**TASK GOAL**: The entries below need to be written out exactly, with no pictures included.
(RECORDS TO PROCESS Opens)
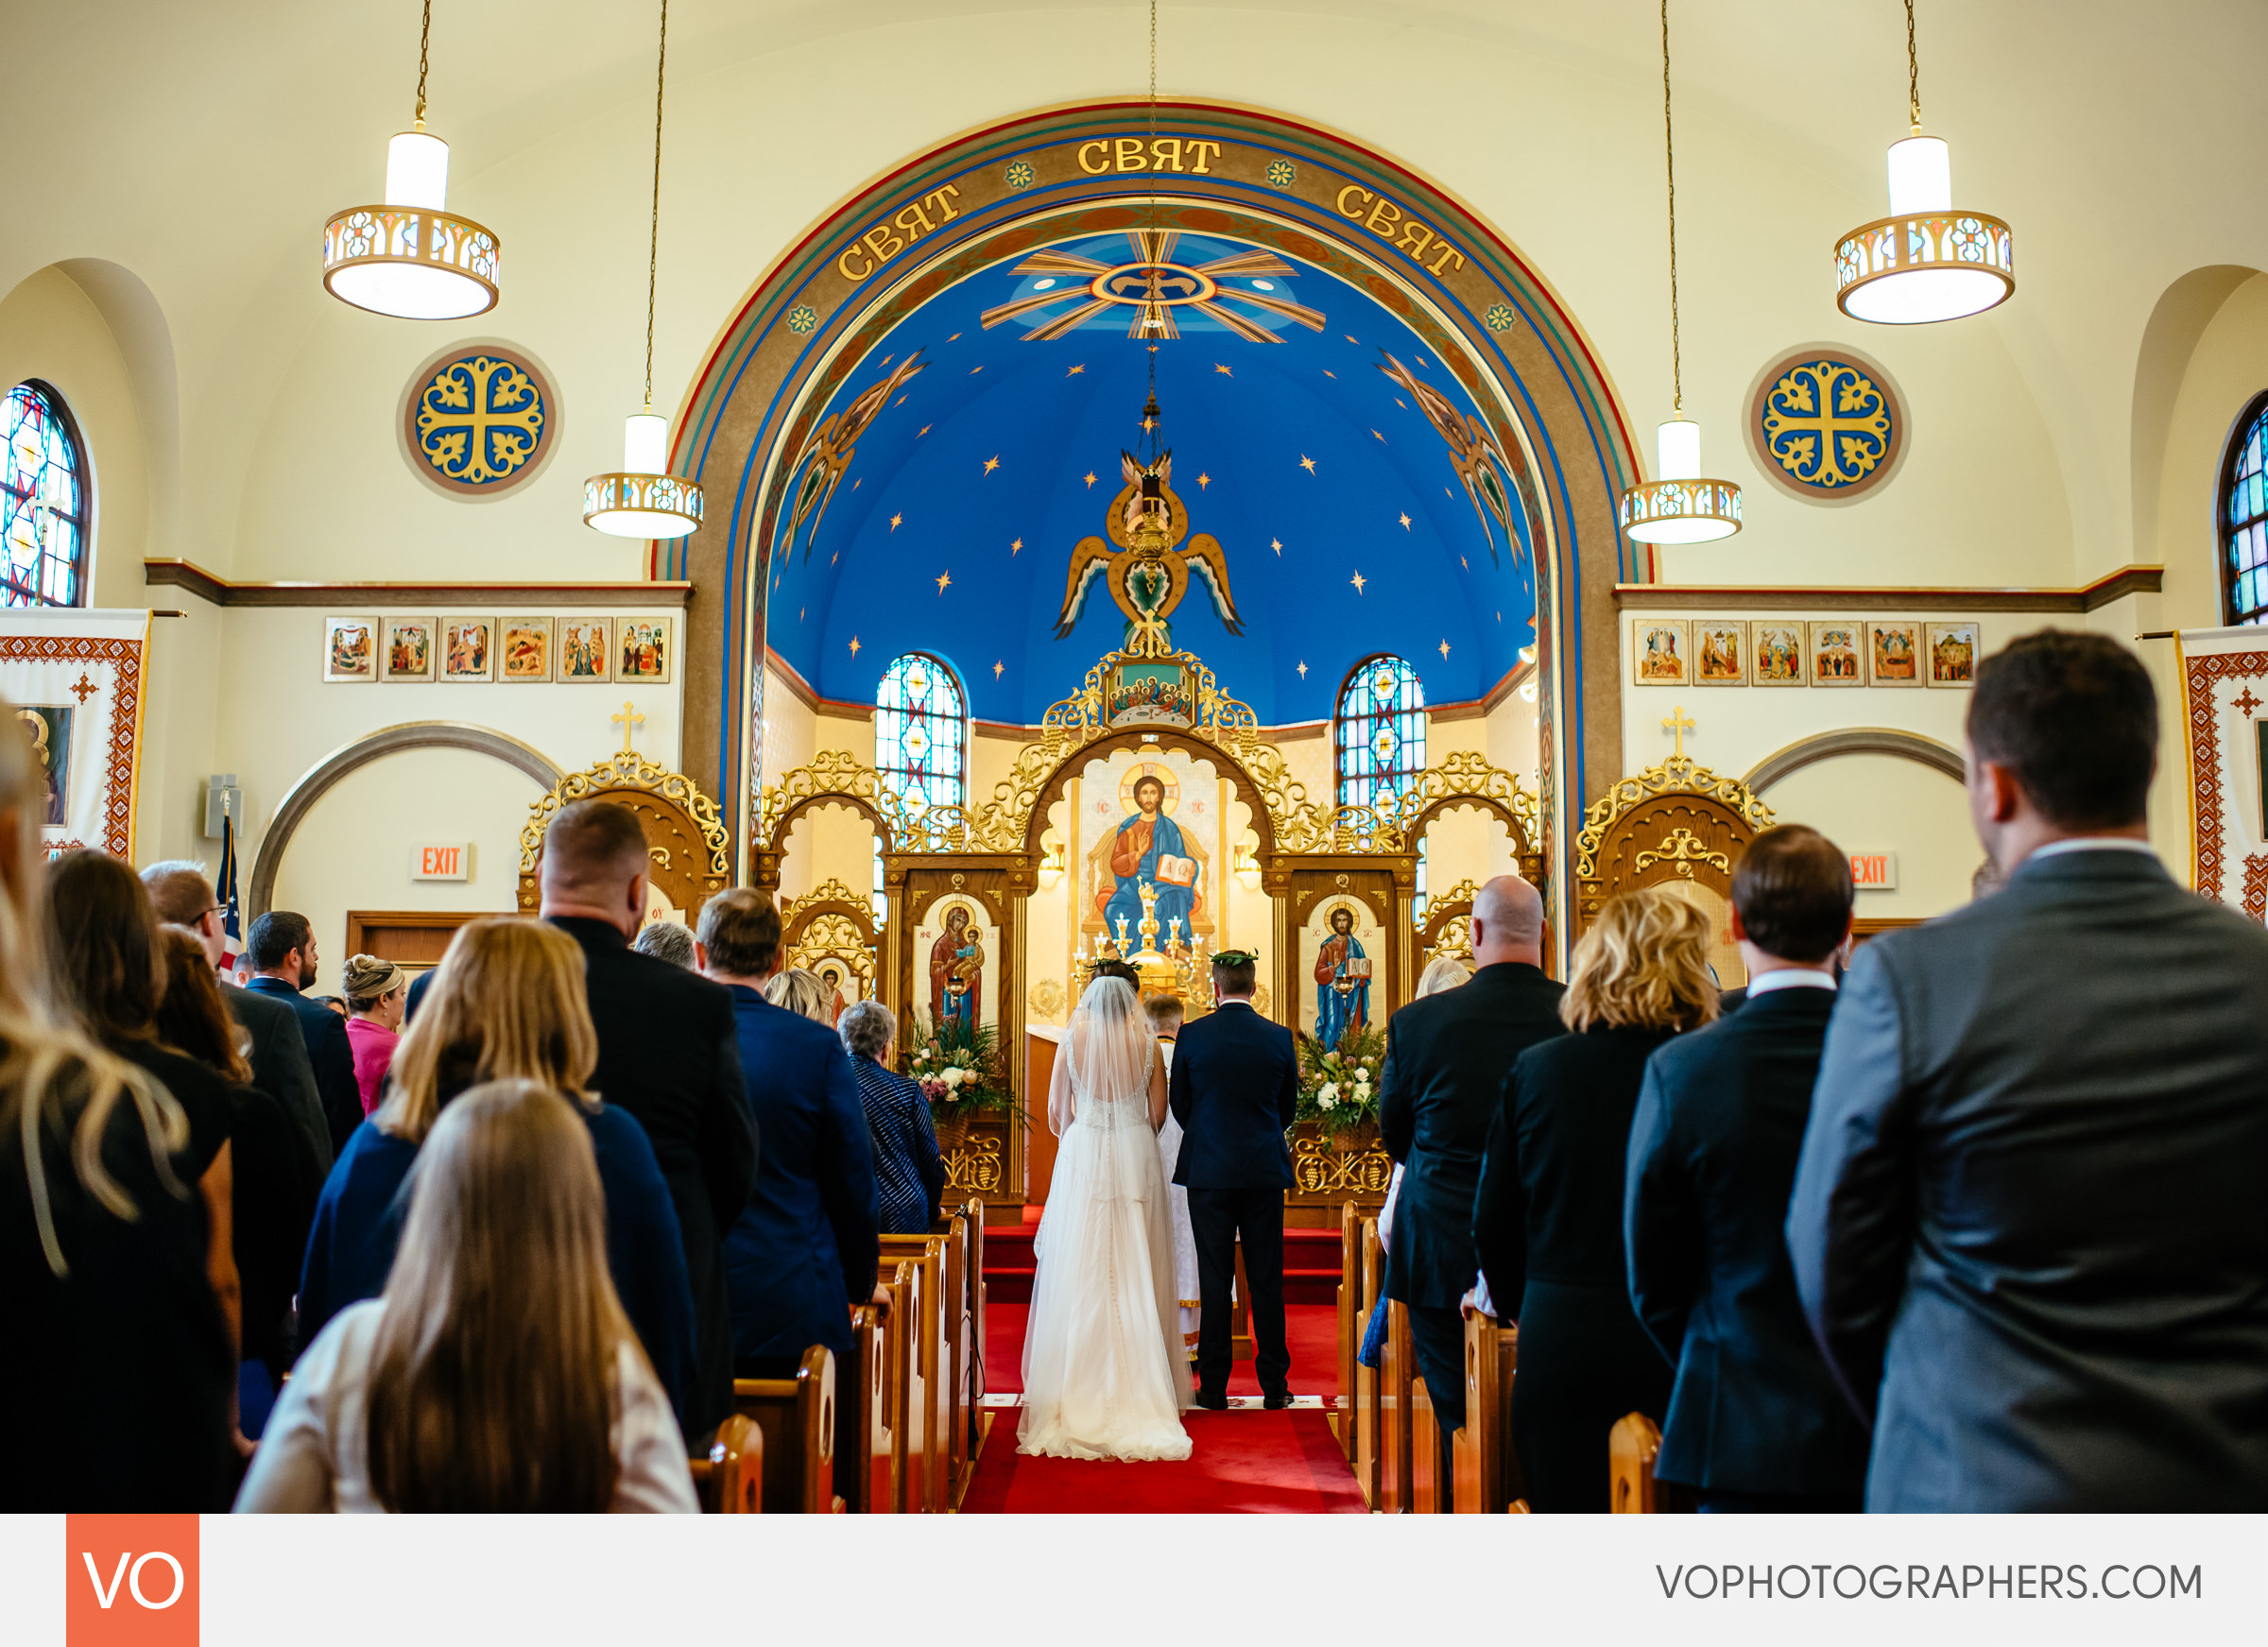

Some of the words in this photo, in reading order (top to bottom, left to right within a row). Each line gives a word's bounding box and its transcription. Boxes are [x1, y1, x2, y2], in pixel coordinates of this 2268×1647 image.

[838, 182, 960, 282] СВЯТ
[1077, 138, 1222, 175] СВЯТ
[1335, 184, 1466, 277] СВЯТ
[422, 847, 461, 875] EXIT
[1850, 855, 1888, 884] EXIT
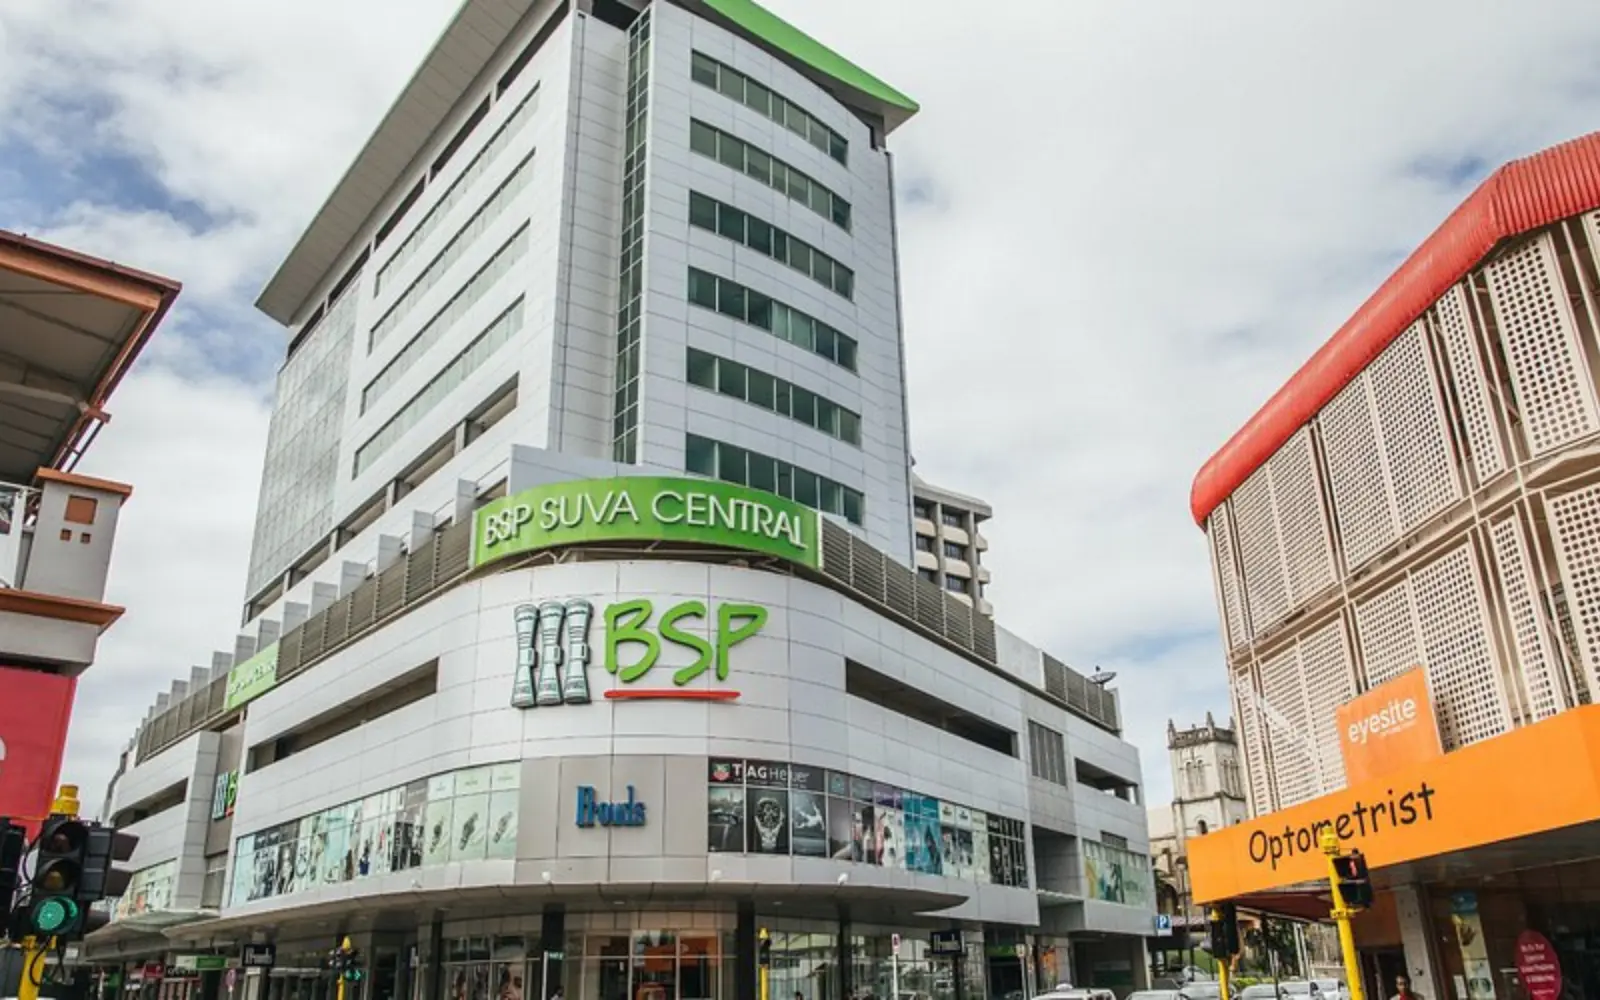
(RECORDS TO PROCESS Closes)
**EXERCISE RESULT**:
Some of the words in this photo, in reading order (top to bottom, left to right within a row). Each line gives a word's bounding box and its transcription. Boxes are [x1, y1, x2, y2], in pixel coordinates of this 2268×1647 image.

[838, 182, 960, 282] СВЯТ
[1077, 138, 1222, 175] СВЯТ
[1335, 184, 1466, 277] СВЯТ
[422, 847, 461, 875] EXIT
[1850, 855, 1888, 884] EXIT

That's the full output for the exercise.